February 15, 2018 by Robert Franklin, Esq, Member, National Board of Directors, National Parents Organization
The case of Kaylene Bowen, Ryan Crawford and their son Christopher raises the issue of medical child abuse (Fort Worth Star Telegram, 12/8/17). Medical child abuse is rarely or never the wrongdoing of a single person. It is a systemic problem. Crawford, having seen his son undergo 323 doctor visits and 13 major surgeries in his first seven years of life and himself sidelined by a family court judge and child protective services when he tried to sound the alarm, gets that all too well.
“It’s horrible for my son, or any kid because obviously my son is not the only one that has had to go through this type of torture,” Crawford said. “The system has to be exposed — all the weaknesses that are in the system — because the kids don’t deserve that.”
As I reported yesterday, Family Court Judge Lori Hockett simply ignored Crawford’s attempt to show her medical records that contradicted Bowen’s claims that Christopher had variously, a rare genetic disorder, cancer, a heart attack, was comatose, etc.

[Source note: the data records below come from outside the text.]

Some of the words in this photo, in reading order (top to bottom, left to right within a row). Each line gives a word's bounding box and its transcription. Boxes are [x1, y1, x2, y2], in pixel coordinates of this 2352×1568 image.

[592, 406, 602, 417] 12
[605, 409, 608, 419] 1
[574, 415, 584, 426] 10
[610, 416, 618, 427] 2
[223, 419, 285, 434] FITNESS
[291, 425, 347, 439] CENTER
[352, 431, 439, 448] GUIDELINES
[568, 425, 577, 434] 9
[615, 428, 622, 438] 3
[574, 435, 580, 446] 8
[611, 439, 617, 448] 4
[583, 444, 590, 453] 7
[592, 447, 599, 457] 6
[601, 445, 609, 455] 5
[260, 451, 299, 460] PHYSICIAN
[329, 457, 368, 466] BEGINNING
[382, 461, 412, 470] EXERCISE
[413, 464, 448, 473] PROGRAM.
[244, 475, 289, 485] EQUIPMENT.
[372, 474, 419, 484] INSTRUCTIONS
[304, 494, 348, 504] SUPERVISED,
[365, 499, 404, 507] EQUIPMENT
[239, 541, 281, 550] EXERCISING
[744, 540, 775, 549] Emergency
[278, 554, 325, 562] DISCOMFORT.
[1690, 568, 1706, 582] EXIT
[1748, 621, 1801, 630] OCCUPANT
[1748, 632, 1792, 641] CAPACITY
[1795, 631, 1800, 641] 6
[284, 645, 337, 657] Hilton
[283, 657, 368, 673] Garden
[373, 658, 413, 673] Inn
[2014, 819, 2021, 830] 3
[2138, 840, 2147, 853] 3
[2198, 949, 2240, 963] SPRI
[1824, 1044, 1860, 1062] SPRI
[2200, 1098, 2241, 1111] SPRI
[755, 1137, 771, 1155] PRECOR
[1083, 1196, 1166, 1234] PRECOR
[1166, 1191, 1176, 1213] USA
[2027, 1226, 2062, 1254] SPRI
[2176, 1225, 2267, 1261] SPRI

But Hockett wasn’t the only one to kick a protective father to the curb because he didn’t believe his son was gravely ill. Dallas Child Protective Services got in on the act too.
Crawford said he had notified Child Protective Services about his concerns with Bowen in late 2010 or early 2011, and again in 2012. He said he believed investigators looked into it but ultimately did nothing and closed the case.
But the CPS petition to remove Christopher and his half-siblings only mentions a previous 2015 CPS report made by doctors.
Marissa Gonzales, a CPS spokesman, said she could find no records of earlier investigations or reports, though acknowledged that some records may have since been expunged.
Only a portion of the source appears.